Zefeng Zhu | Fundamental formulas in ML

The Basic Building Blocks

Taylor Series Approximation

Around a given point \(x_{0}\), we have:

\[\begin{aligned} f(x) &= \sum_{n=0}^{\infty}\frac{f^{(n)}(x_{0})}{n!}(x-x_{0})^{n}\\ &\simeq \underbrace{\left(\sum_{n=0}^{k}\frac{f^{(n)}(x_{0})}{n!}(x-x_{0})^{n}\right)}_{k\text{th order Taylor polynomial}} + \underbrace{\frac{f^{(k+1)}(c)}{(k+1)!}(x-x_{0})^{k+1}}_{\text{remainder (mean-value (Lagrange) form)}} \end{aligned}\]

which requires \(f\) to be a k+1 times differentiable function.

Stirling’s Approximation

\[\begin{aligned} n! & \simeq n^{n} e^{-n}{\color{gray} \sqrt{2 \pi n}} \\ \Leftrightarrow \ln n! & \simeq n\ln n-n {\color{gray} + \frac{1}{2}\ln 2\pi n} \end{aligned}\]

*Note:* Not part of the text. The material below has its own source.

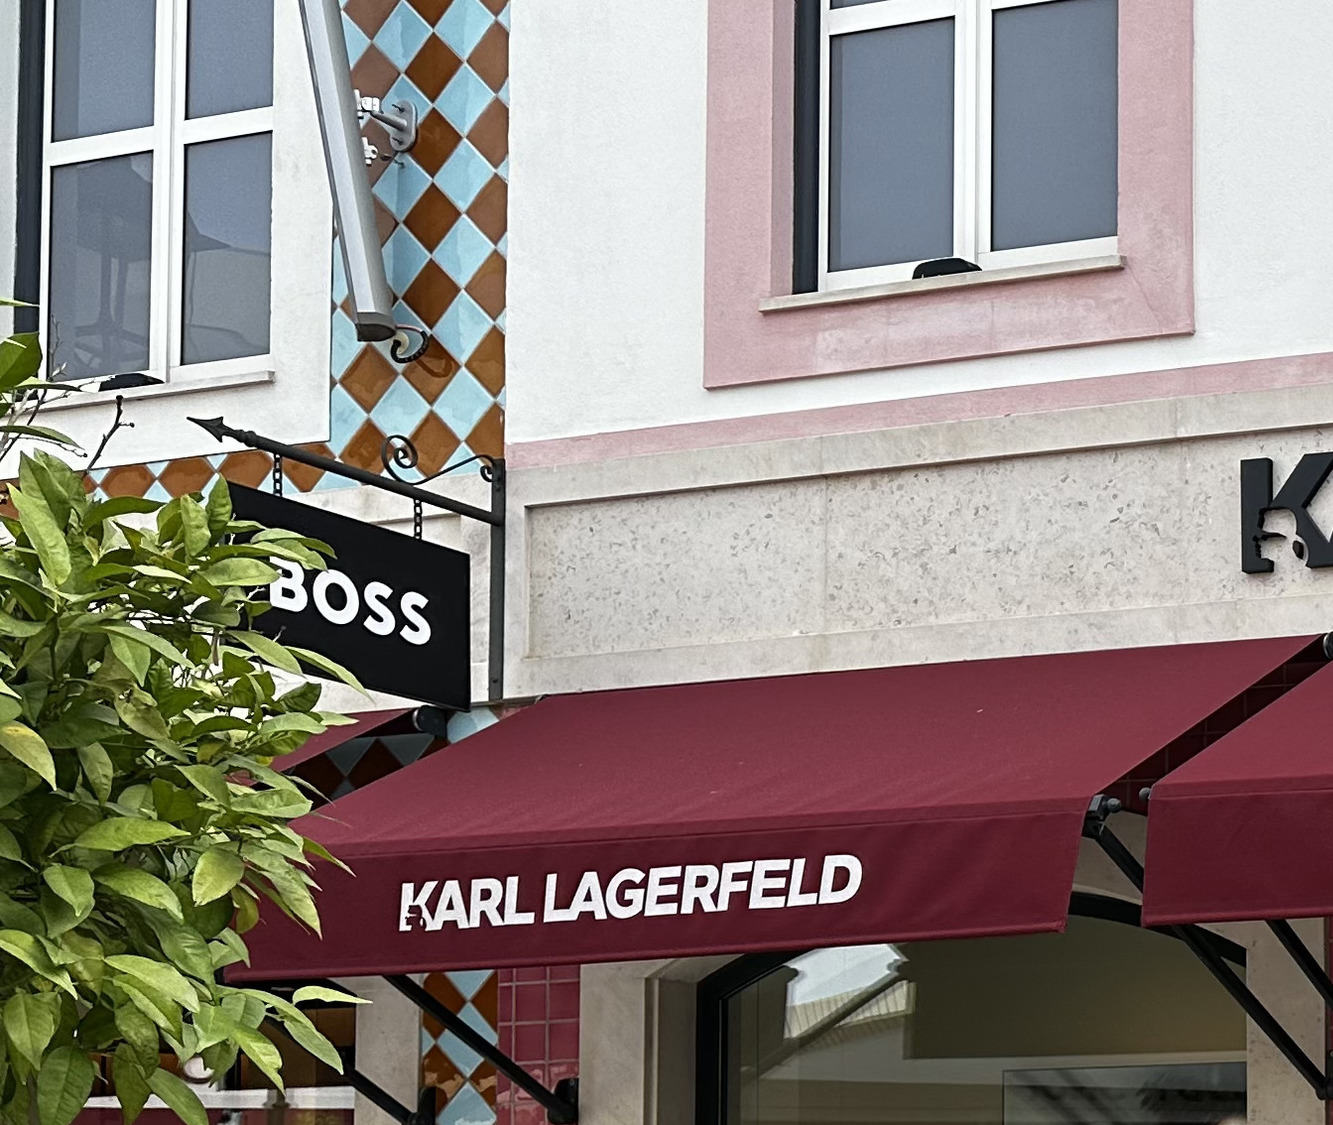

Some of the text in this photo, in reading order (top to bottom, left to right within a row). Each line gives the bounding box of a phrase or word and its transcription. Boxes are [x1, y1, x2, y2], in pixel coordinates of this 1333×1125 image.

[269, 556, 432, 645] BOSS
[399, 854, 863, 931] KARL LAGERFELD
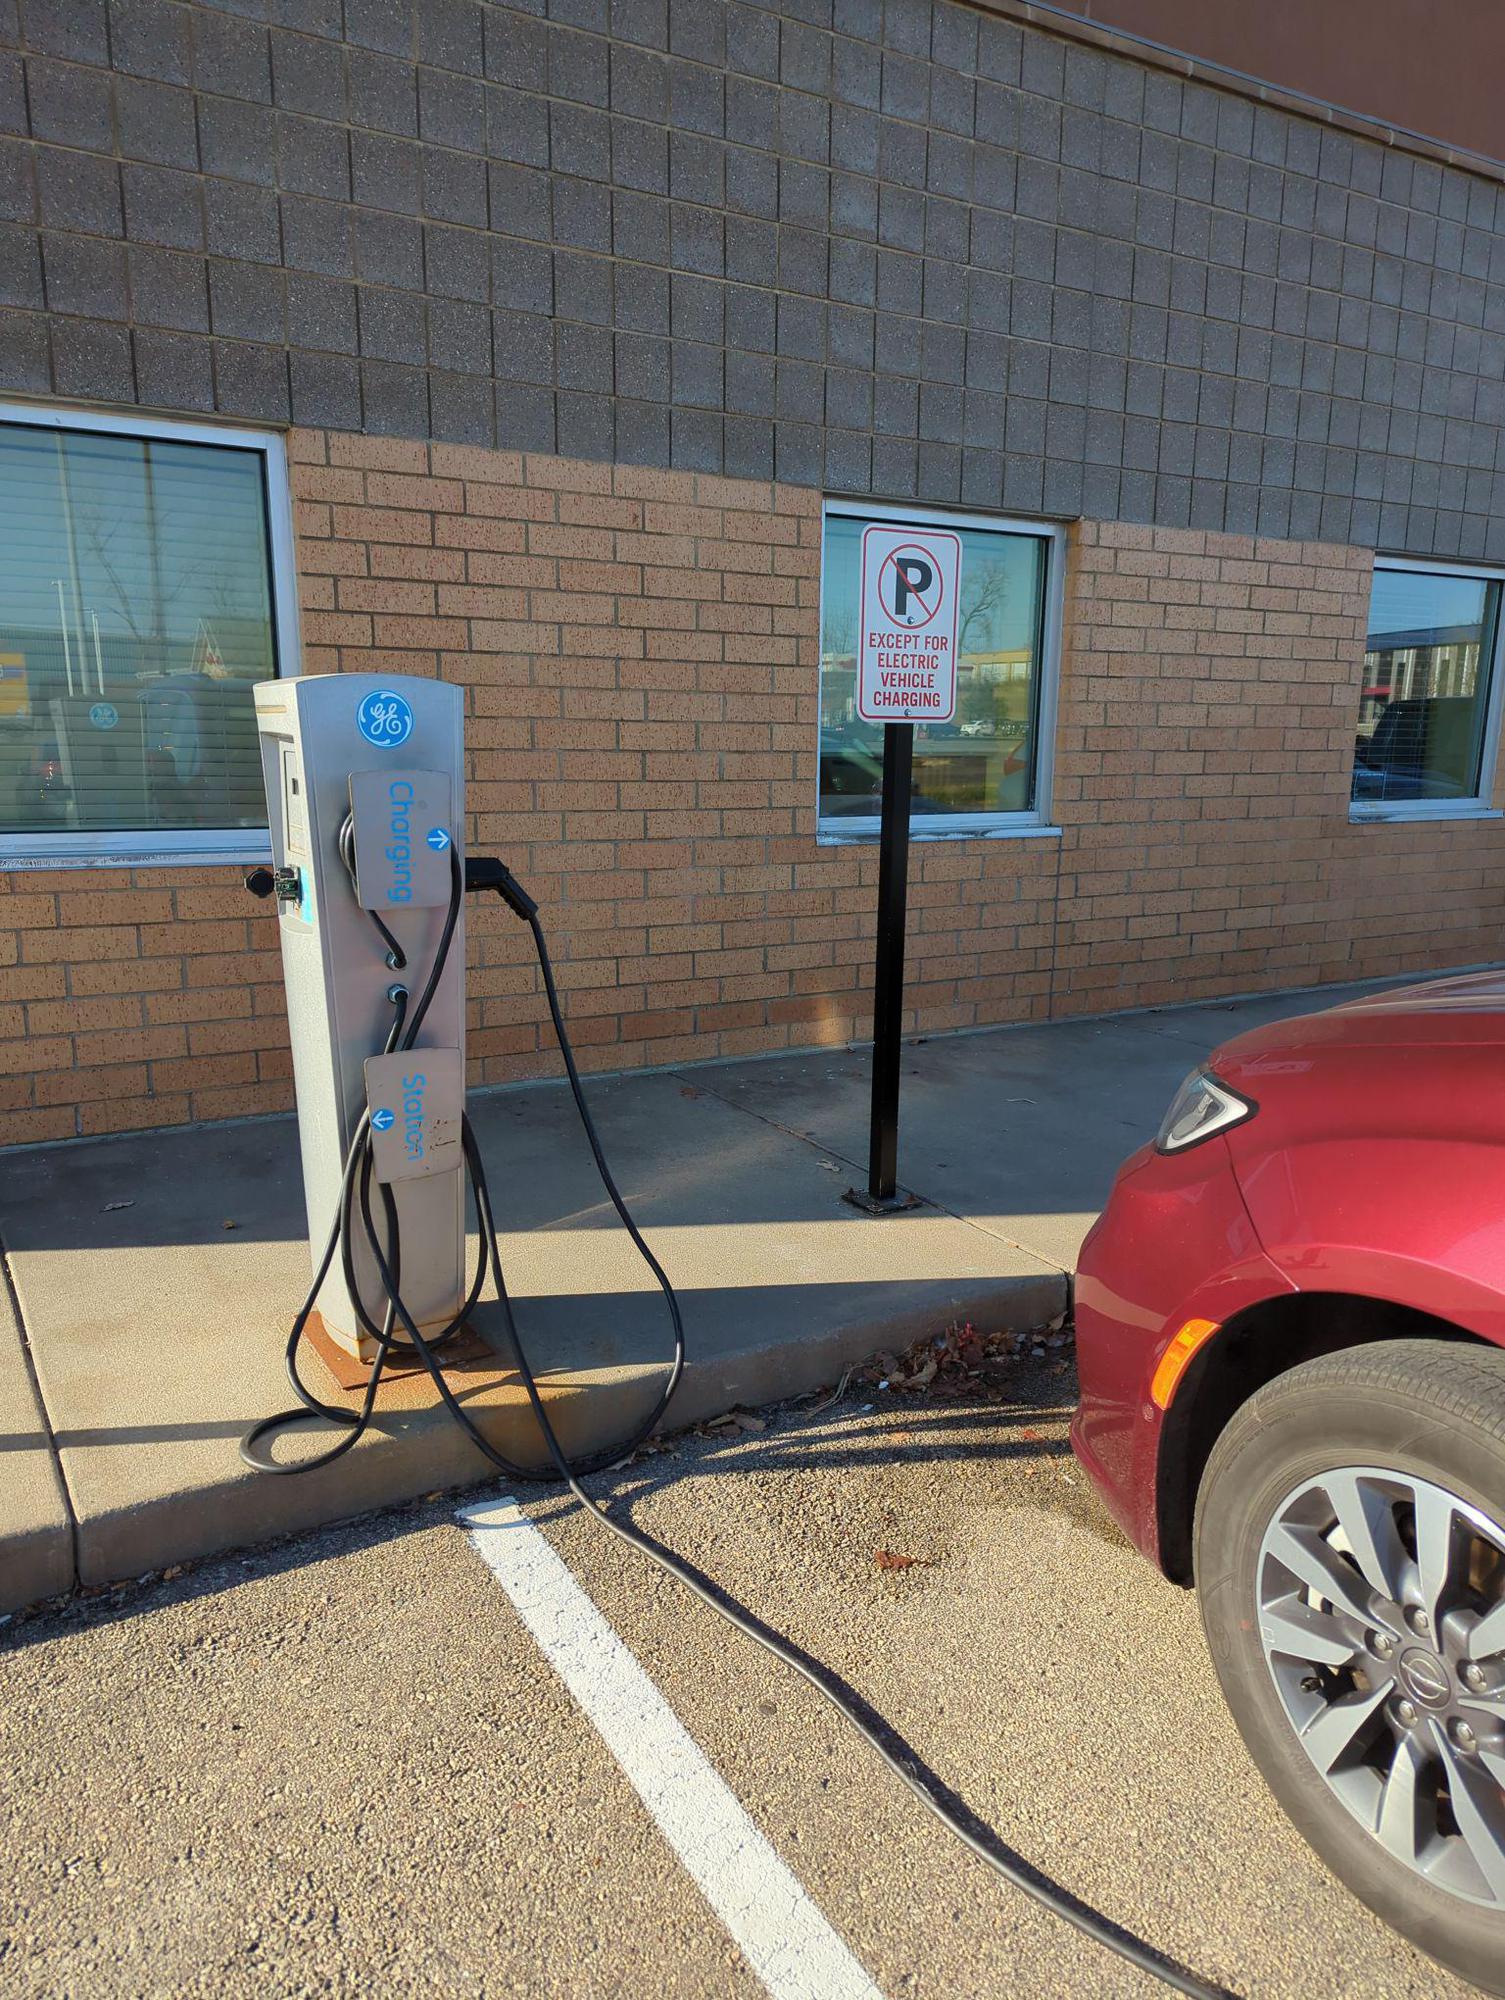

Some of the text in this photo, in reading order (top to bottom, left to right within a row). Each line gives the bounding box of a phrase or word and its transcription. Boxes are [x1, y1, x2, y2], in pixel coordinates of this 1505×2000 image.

And its application on \(\begin{pmatrix} N \\ r \end{pmatrix}\):

\[\begin{aligned} \ln \begin{pmatrix}N \\ r\end{pmatrix} \equiv \ln \frac{N!}{(N-r)!r!} &\simeq (N-r)\ln \frac{N}{N-r} + r\ln \frac{N}{r} {\color{gray} - \frac{1}{2}\ln \frac{2\pi r(N-r)}{N}} \\ &= N\left[\frac{(N-r)}{N}\ln \frac{N}{N-r} + \frac{r}{N}\ln \frac{N}{r}\right] {\color{gray} - \frac{1}{2}\ln 2\pi N \frac{(N-r)}{N}\frac{r}{N}} \\ &= N\left[\left(1-\frac{r}{N}\right)\ln \frac{1}{1-\frac{r}{N}} + \frac{r}{N}\ln \frac{N}{r}\right] {\color{gray} - \frac{1}{2}\ln 2\pi N \left(1-\frac{r}{N}\right)\frac{r}{N}} \\ &= \underbrace{N\left[\left(1-x\right)\ln \frac{1}{1-x} + x\ln \frac{1}{x}\right] {\color{gray} - \frac{1}{2}\ln 2\pi N (1-x) x}}_{x=r/N} \end{aligned}\]

Thus:

\[\begin{pmatrix} N \\ r \end{pmatrix} \simeq e^{N[(1-x)\ln \frac{1}{1-x}+x\ln\frac{1}{x}]{\color{gray} - \frac{1}{2}\ln 2\pi N (1-x) x}}\]

Noted that all the terms are logarithm and according to the Logarithm change of base rule, the above logarithm can be changed to any base. For instance:

\[\begin{aligned} \begin{pmatrix} N \\ r \end{pmatrix} \simeq 2^{N H_{b}(r/N){\color{gray} - \frac{1}{2}\log_{2} 2\pi N (1-r/N) r/N}} \\ \text{where} \quad \underbrace{H_{b}(x) \equiv x\log_{2}\frac{1}{x} + (1-x) \log_{2}\frac{1}{1-x}}_{\text{binary entropy function}} \end{aligned}\]

Soft Maximum

One of the approaches is:

\[\begin{aligned} \max(x,y) &\simeq \ln(\exp(x)+\exp(y))\\ \mathrm{abs}(x) = \max(x,-x) &\simeq \ln(\exp(x)+\exp(-x))\\ \max(\mathbf{x}) &\simeq \ln\left(\sum_{i=1}^{n} \exp(x_{i}) \right) \triangleq \mathrm{logsumexp}(\mathbf{x})\\ \end{aligned}\]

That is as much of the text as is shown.